* Assigned task *
The goal is a clean copy of all the data below, with pictures dropped and everything else retyped exactly.

================================

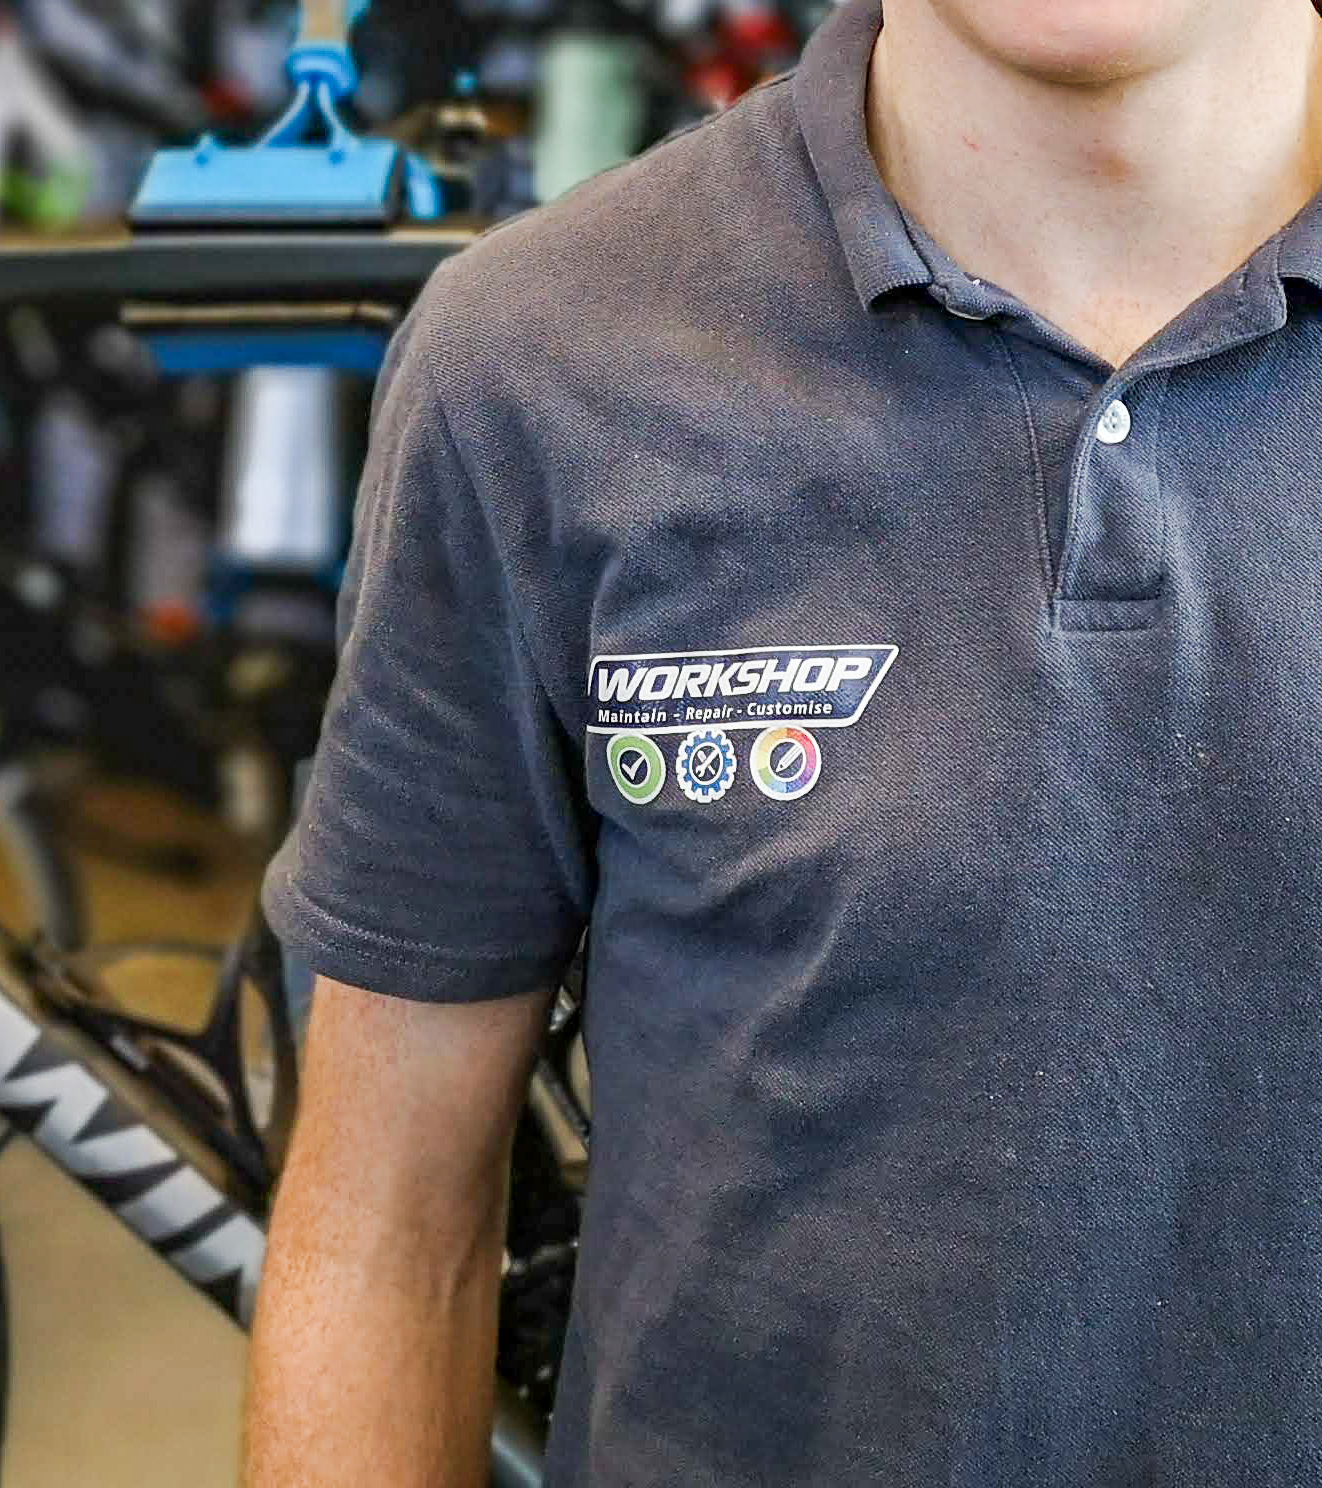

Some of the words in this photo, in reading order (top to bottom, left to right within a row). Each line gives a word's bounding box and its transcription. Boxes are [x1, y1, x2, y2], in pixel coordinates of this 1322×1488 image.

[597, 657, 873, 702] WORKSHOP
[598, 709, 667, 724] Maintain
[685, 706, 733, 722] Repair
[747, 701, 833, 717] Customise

================================

* Worked solution *
Some of the words in this photo, in reading order (top to bottom, left to right within a row). Each line gives a word's bounding box and its transcription. Boxes are [x1, y1, x2, y2], in pixel coordinates of this 1322×1488 image.

[597, 657, 873, 702] WORKSHOP
[598, 709, 667, 724] Maintain
[685, 706, 733, 722] Repair
[747, 701, 833, 717] Customise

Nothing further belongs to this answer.